Вот почему Бебия, как никого другого, поставила в тупик смута христиан, взбудораживших северную армию. Они то и дело подходили к молодому офицеру, выражали сочувствие, обещали постоять за пресвитера, освободить изреченную «благую весть». Кое-кто из офицерской ровни позволял себе хлопать Бебия по плечу, а центурион Фрукт, как-то оказавшись рядом с Лонгом, сплюнул и криво, жутко ухмыльнувшись, заявил: «Спокуха, сынок, подтяни ремни. Мы еще послушаем твоего отца. Помолимся сообща…»
На мгновение мелькнула мысль — вдруг император переменит решение и ради спасения Бебия позволит легионерам обрушиться на варваров, но вскоре собственным рассудком дошел, что поход во враждебный край на зиму глядя, предприятие рискованное.
Сегестий подтвердил, осень в Богемии не самое удачное время для мести.

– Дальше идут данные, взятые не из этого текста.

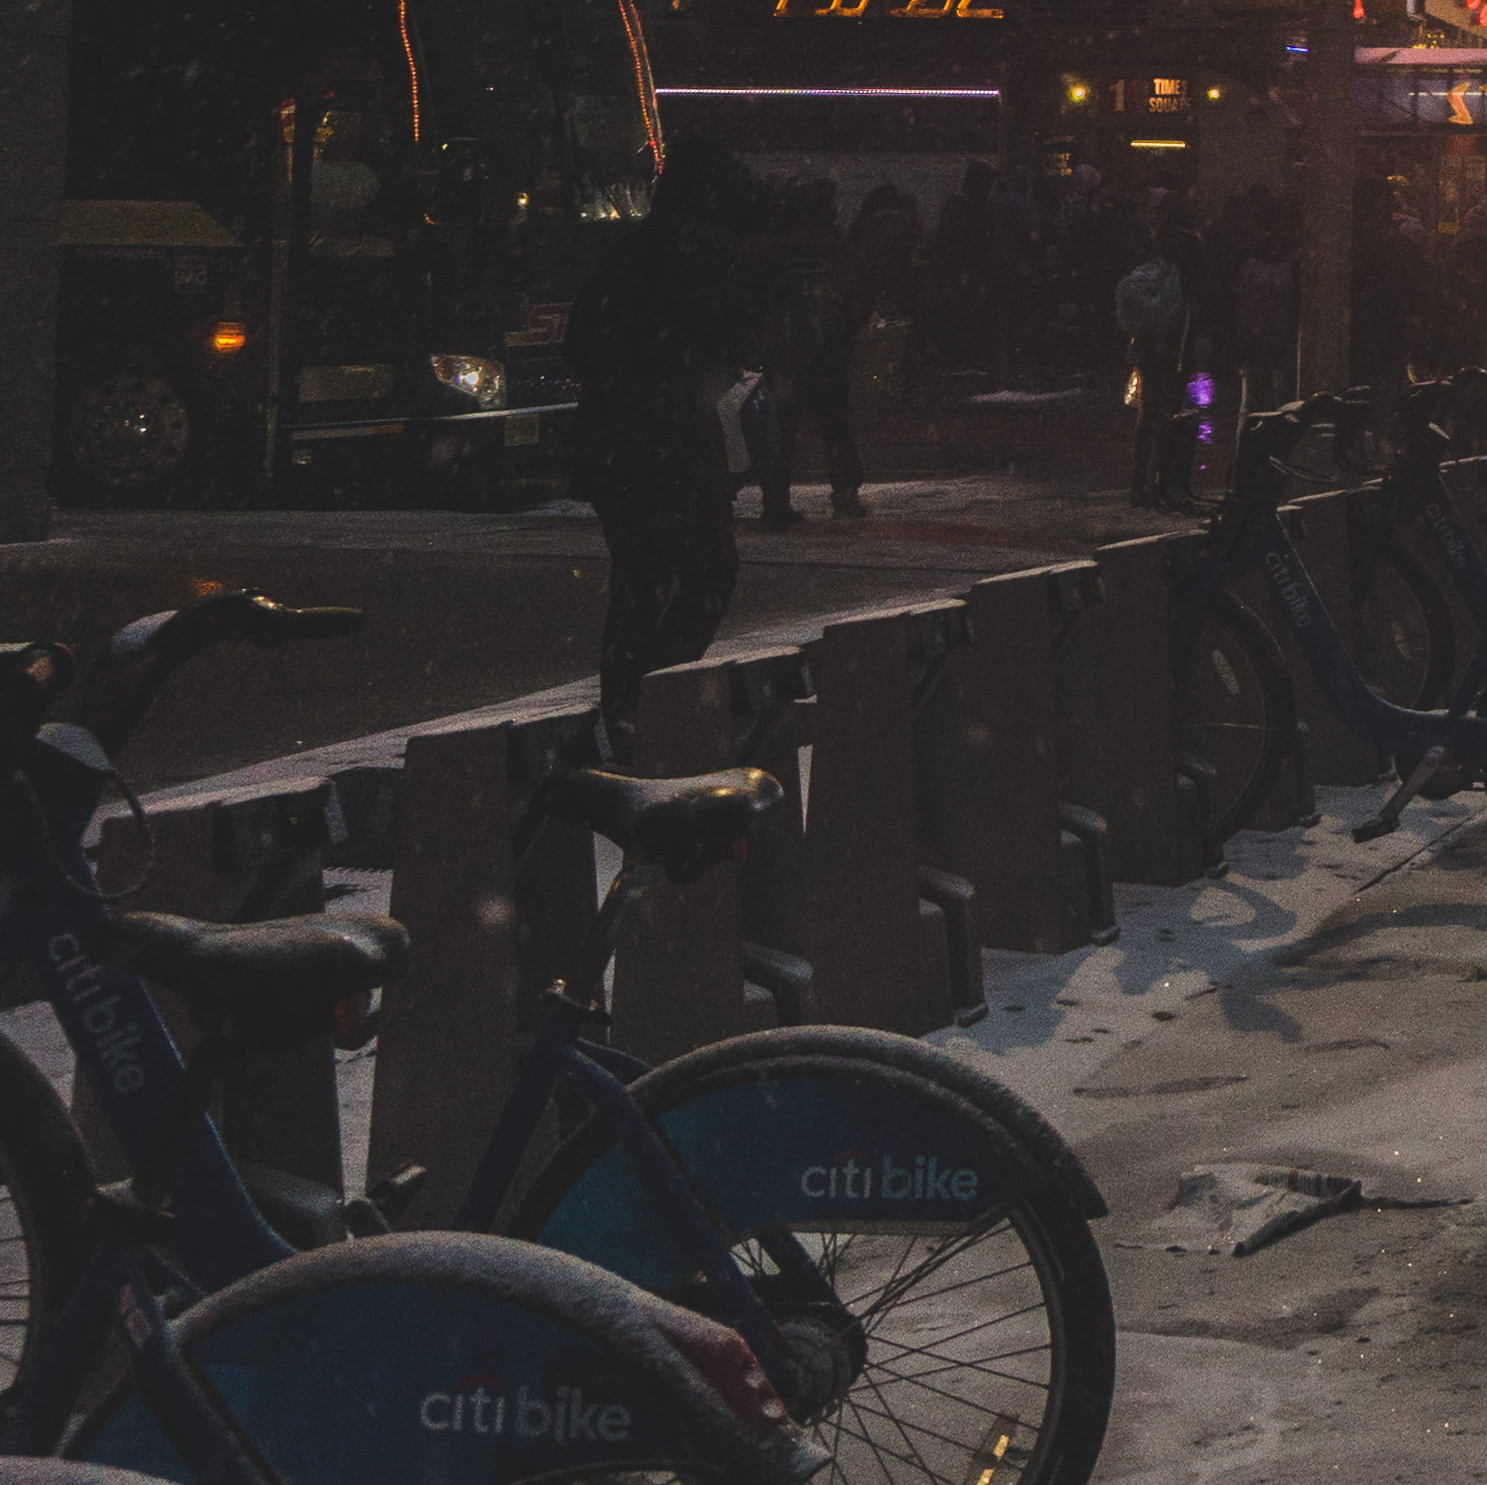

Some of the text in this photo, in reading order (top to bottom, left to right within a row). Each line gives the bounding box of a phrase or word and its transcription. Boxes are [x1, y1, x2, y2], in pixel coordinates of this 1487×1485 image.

Сначала дождит, потом ложится снег, наступают холода. Добавил, что на все воля Божья, и пусть он, Бебий, не дрейфит. Лично он, Сегестий, крещенный в бытность Иеронима в Карнунте, верит, что вскоре им повезет вновь услышать «отца». При этом гвардеец заявил, что и речи быть не может о нарушении дисциплины. Никто в мыслях не держит изменить императору, даровавшему им всем, рабам и гладиаторам, свободу. Даже базара о том быть не может, подтвердил присутствовавший при разговоре Фрукт. Только об исполнении воли Всевышнего, об освобождении мученика они пекутся. На Марка они все надеются — «философ» не подведет, он сам блаженный. Сегестий, вызванный к императору вместе с Бебием младшим, так и заявил в Карнунте, что цезарь дарован Риму Всевышним, а посему не попустит смерти римского посла от рук «поганых».